§ **What the task requires**
Leave out the pictures, then return the records word for word.

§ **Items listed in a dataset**

══════════════════════════════

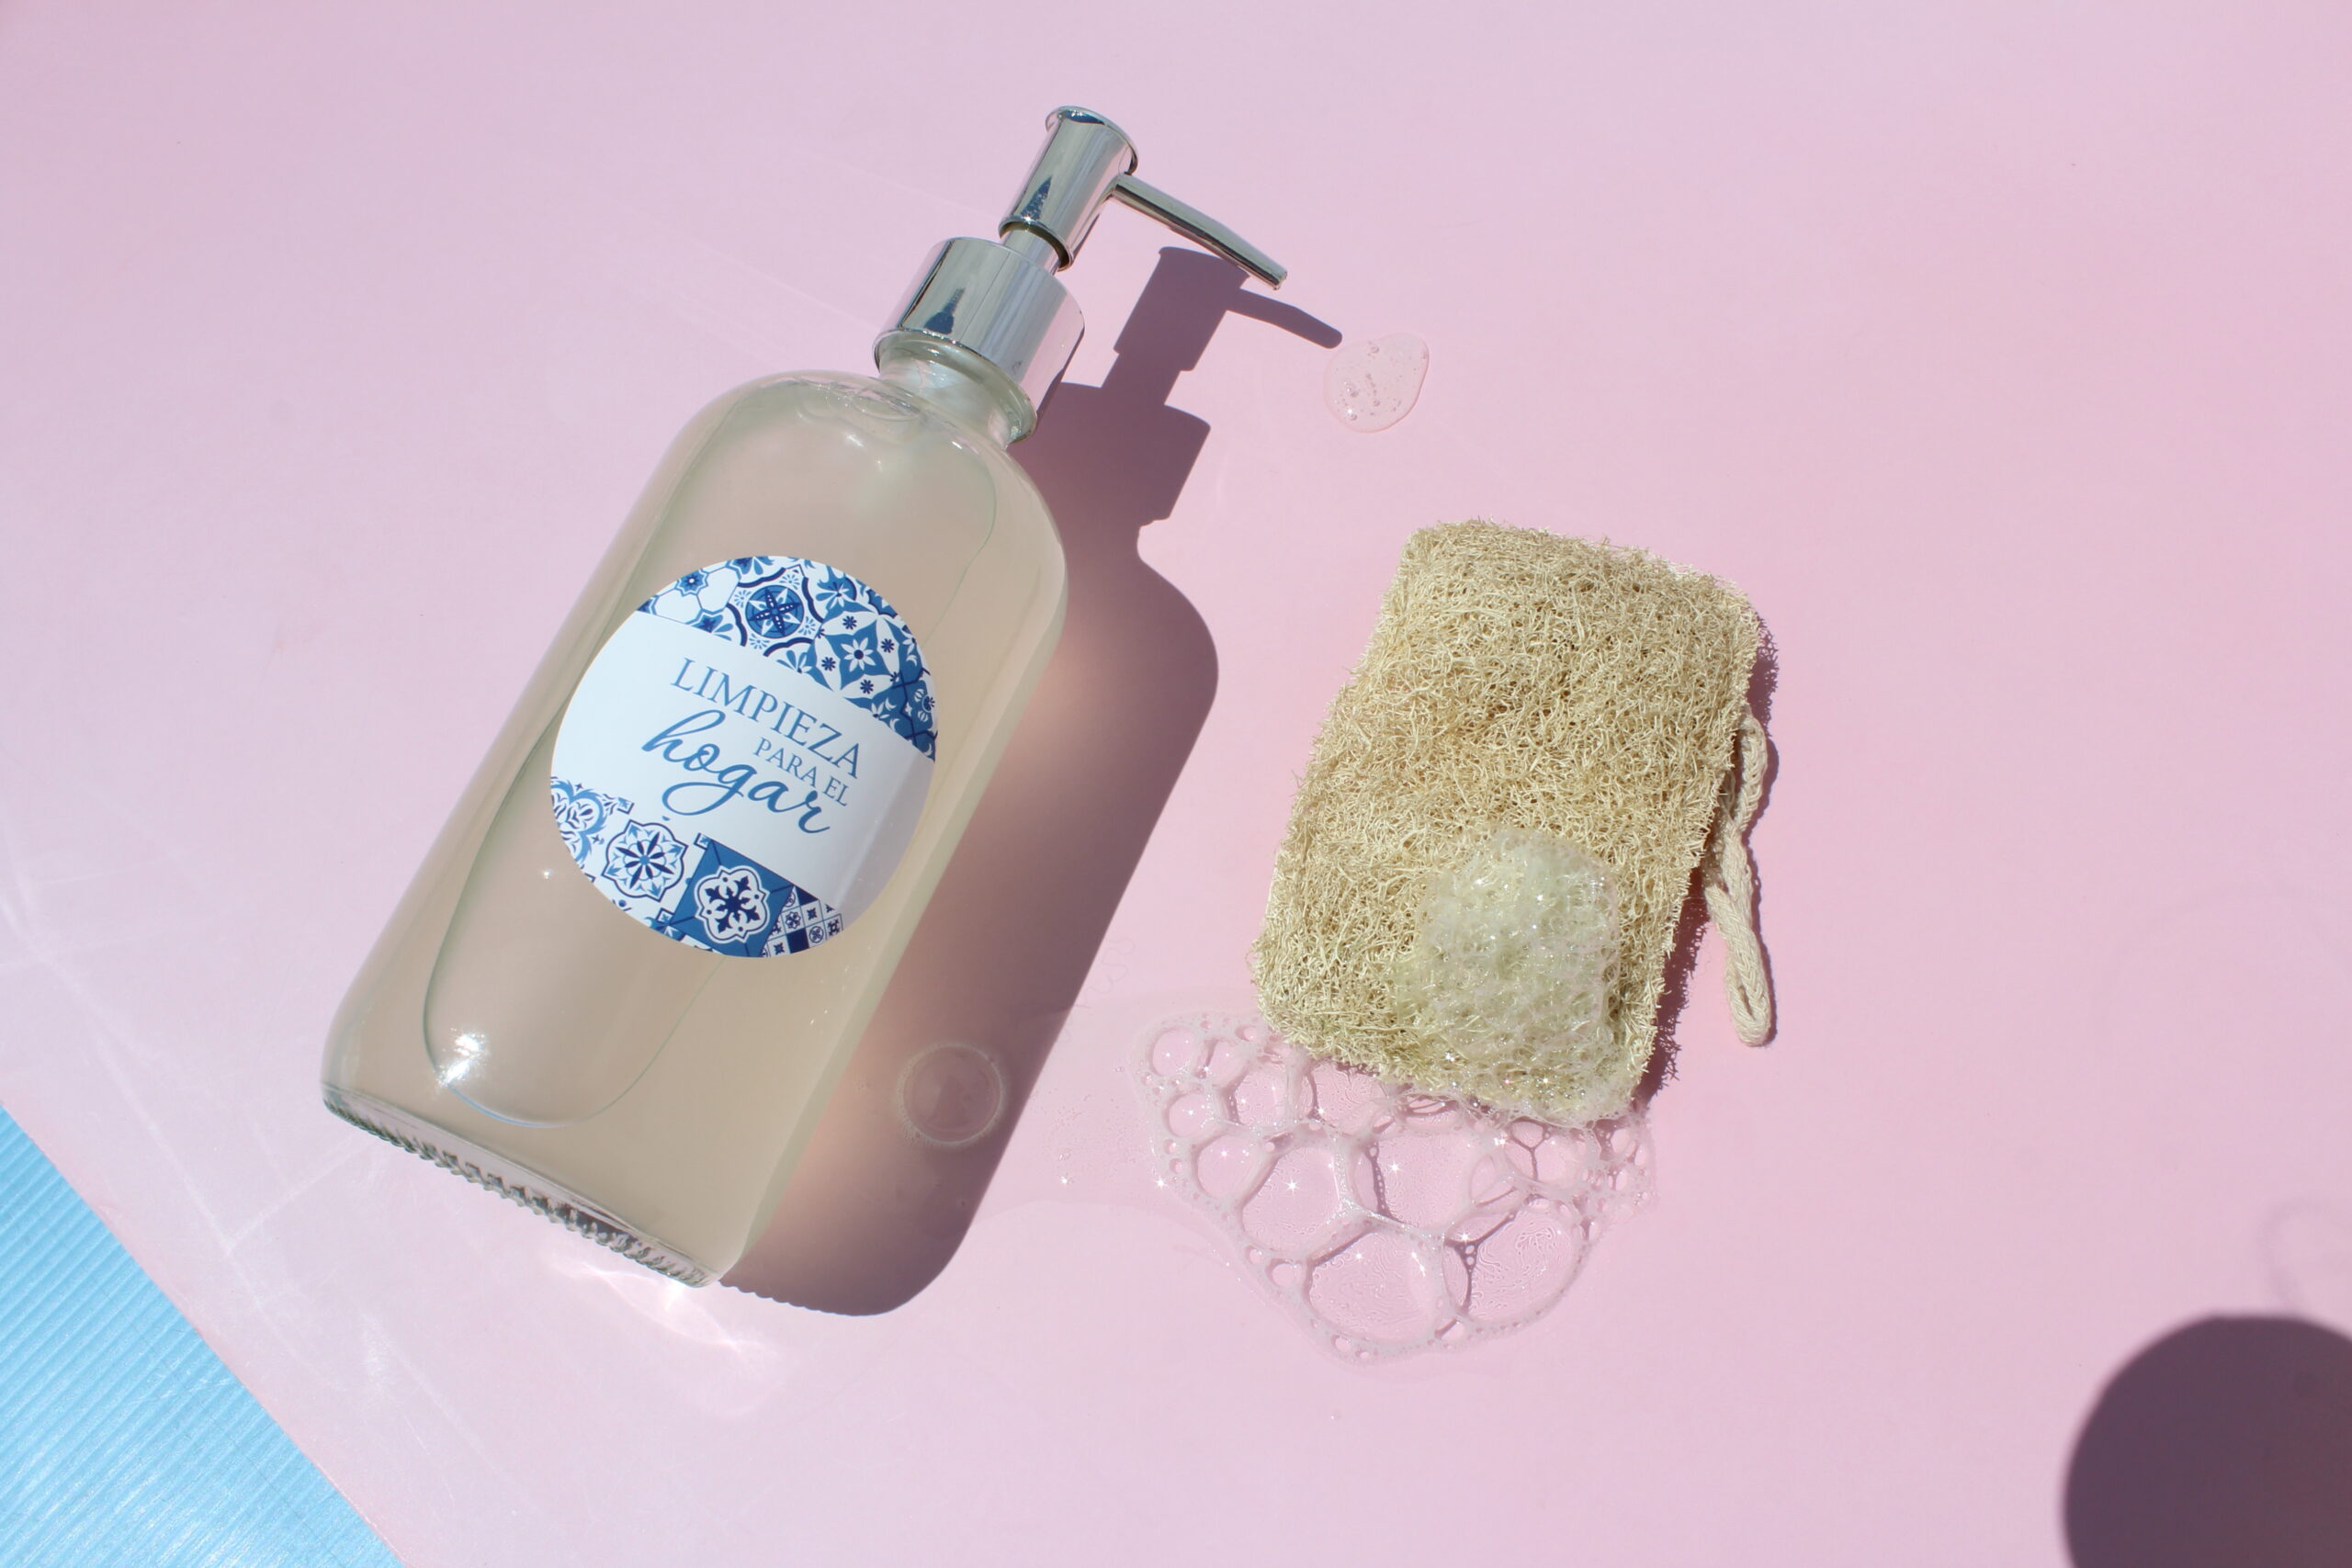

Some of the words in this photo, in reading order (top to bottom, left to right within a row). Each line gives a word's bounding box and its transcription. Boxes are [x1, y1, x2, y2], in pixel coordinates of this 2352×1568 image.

[641, 709, 831, 834] hogar
[671, 657, 860, 779] LIMPIEZA
[752, 737, 819, 787] PARA
[823, 776, 850, 807] EL

══════════════════════════════

§ **Your solution**
Some of the words in this photo, in reading order (top to bottom, left to right within a row). Each line gives a word's bounding box and its transcription. Boxes are [x1, y1, x2, y2], in pixel coordinates of this 2352×1568 image.

[641, 709, 831, 834] hogar
[671, 657, 860, 779] LIMPIEZA
[752, 737, 819, 787] PARA
[823, 776, 850, 807] EL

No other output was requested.